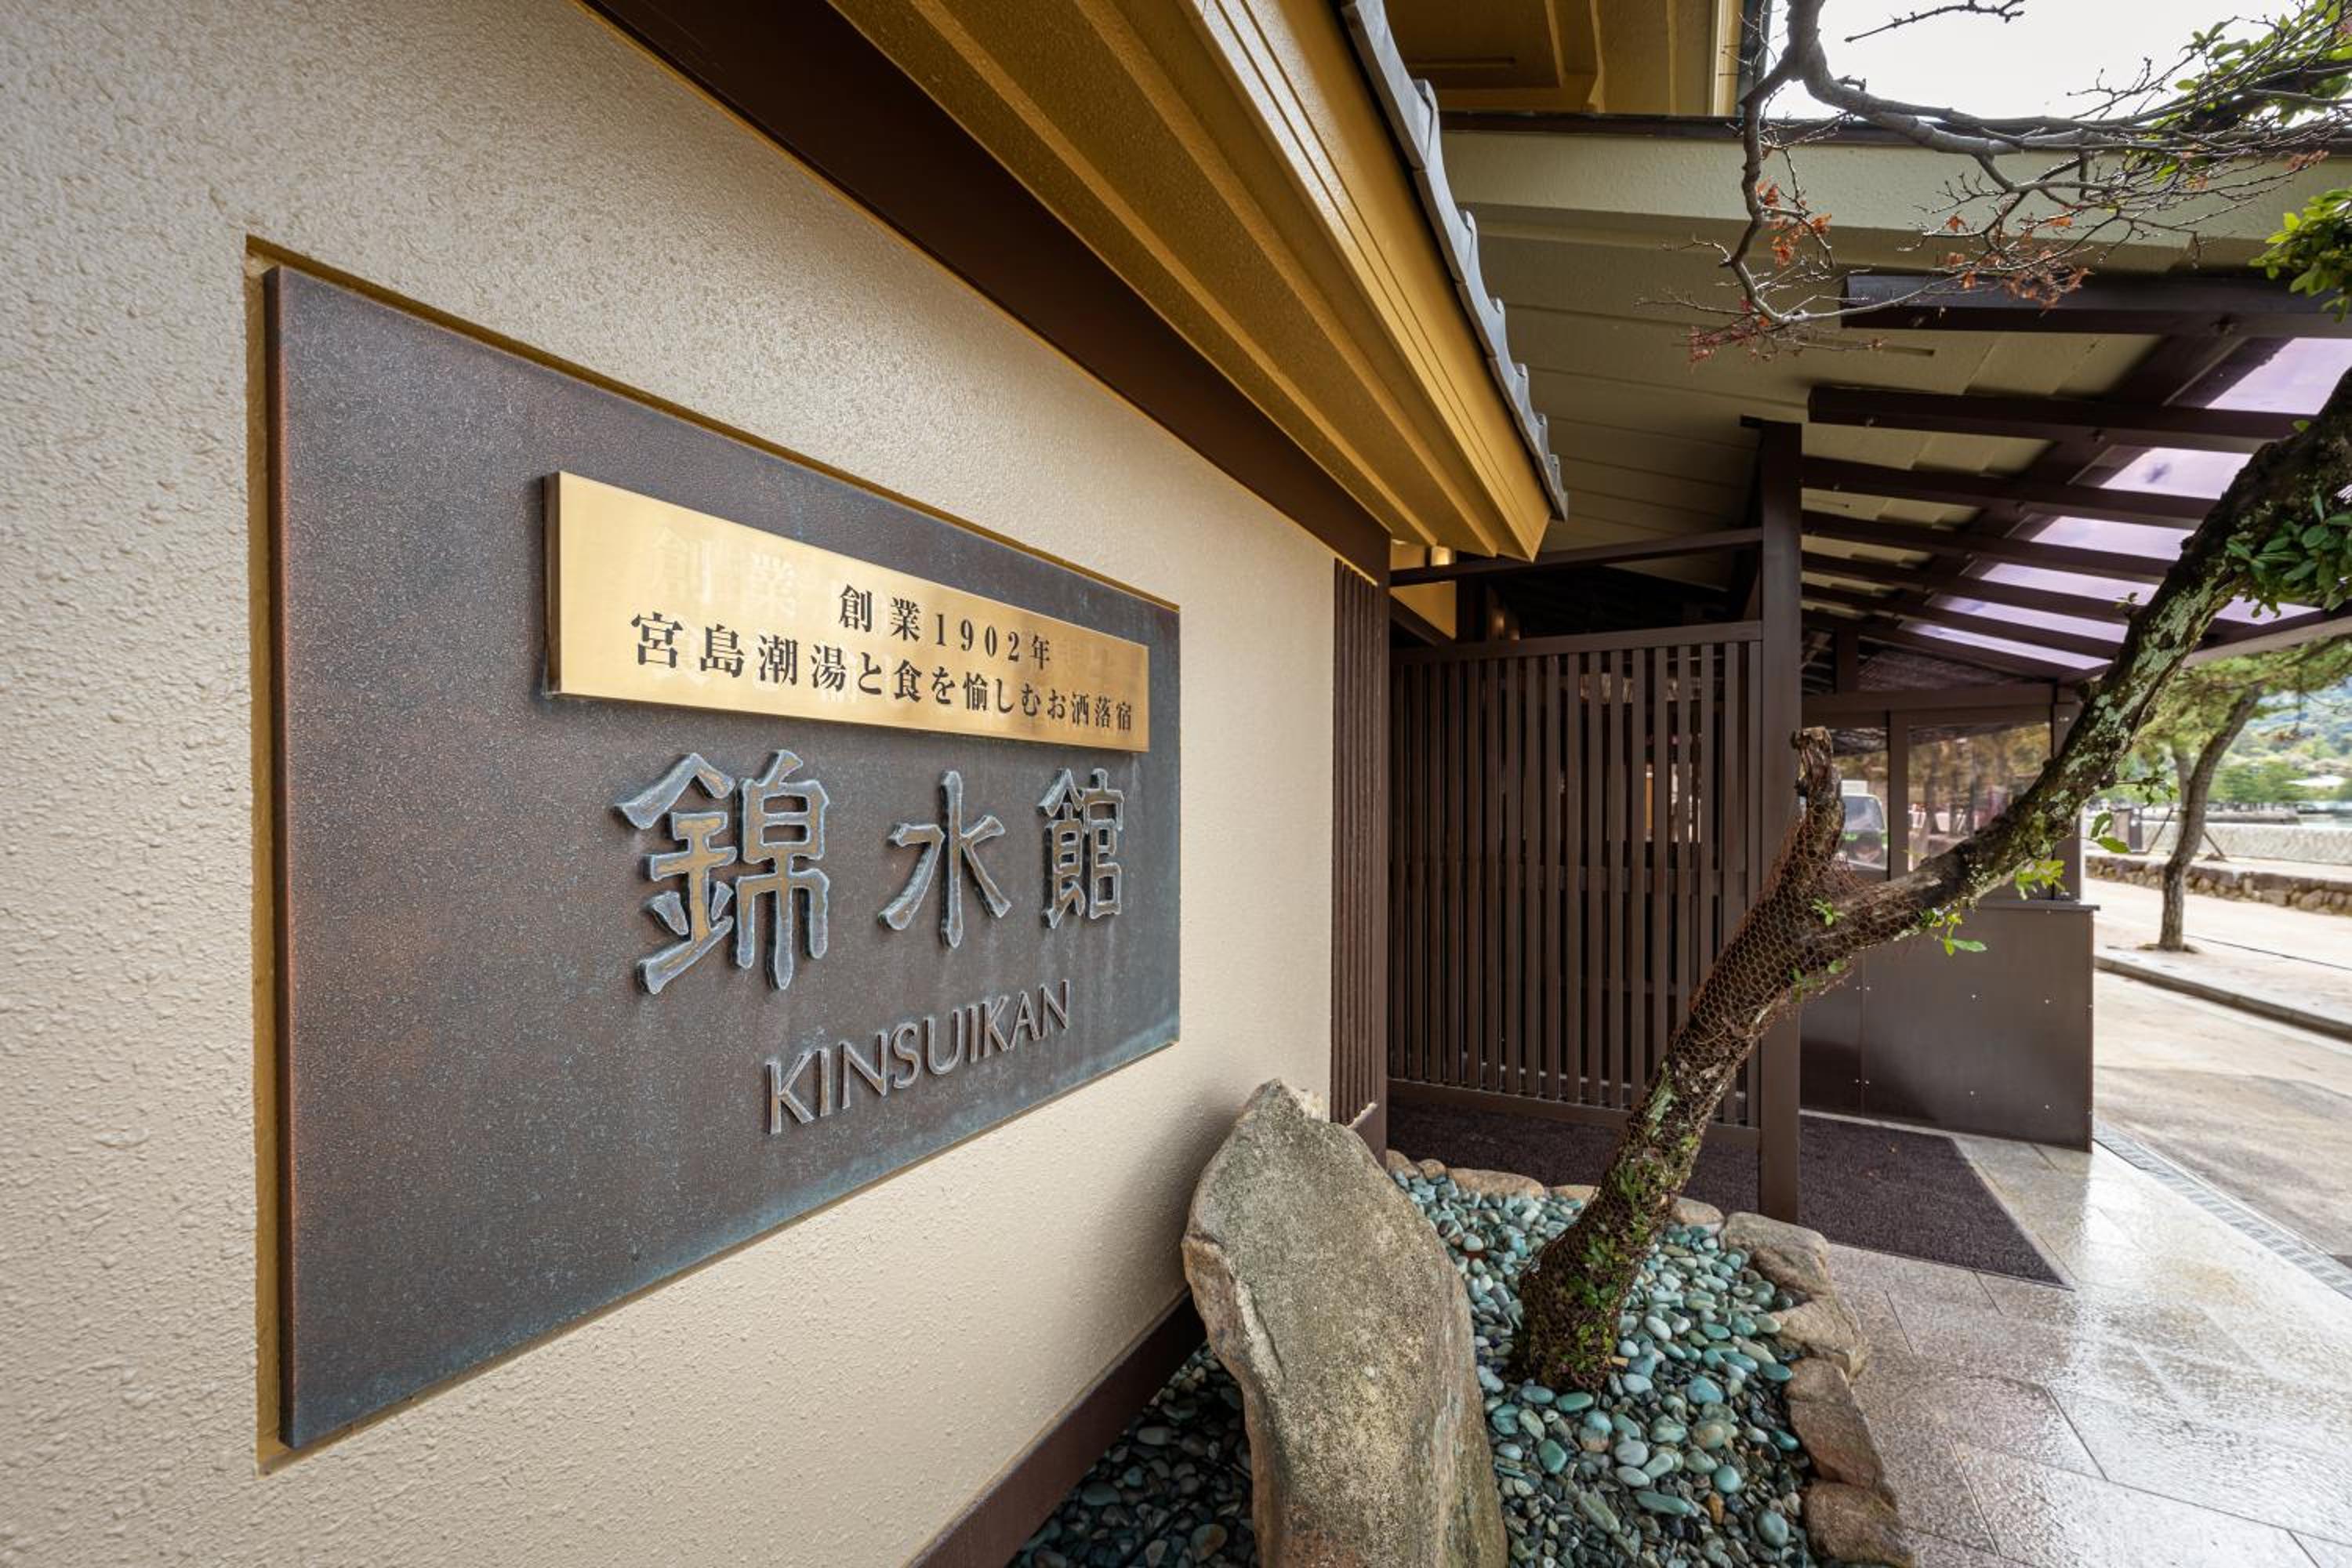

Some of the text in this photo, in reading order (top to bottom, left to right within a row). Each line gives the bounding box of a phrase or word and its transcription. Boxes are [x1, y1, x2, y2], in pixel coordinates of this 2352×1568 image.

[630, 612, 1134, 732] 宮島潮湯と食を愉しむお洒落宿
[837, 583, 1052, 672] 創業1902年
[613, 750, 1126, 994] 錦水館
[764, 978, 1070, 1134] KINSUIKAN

--- --- ---

* TASK INSTRUCTIONS *
Output each line above exactly. Skip the images.

* COMPLETED EXERCISE *
Some of the text in this photo, in reading order (top to bottom, left to right within a row). Each line gives the bounding box of a phrase or word and its transcription. Boxes are [x1, y1, x2, y2], in pixel coordinates of this 2352×1568 image.

[630, 612, 1134, 732] 宮島潮湯と食を愉しむお洒落宿
[837, 583, 1052, 672] 創業1902年
[613, 750, 1126, 994] 錦水館
[764, 978, 1070, 1134] KINSUIKAN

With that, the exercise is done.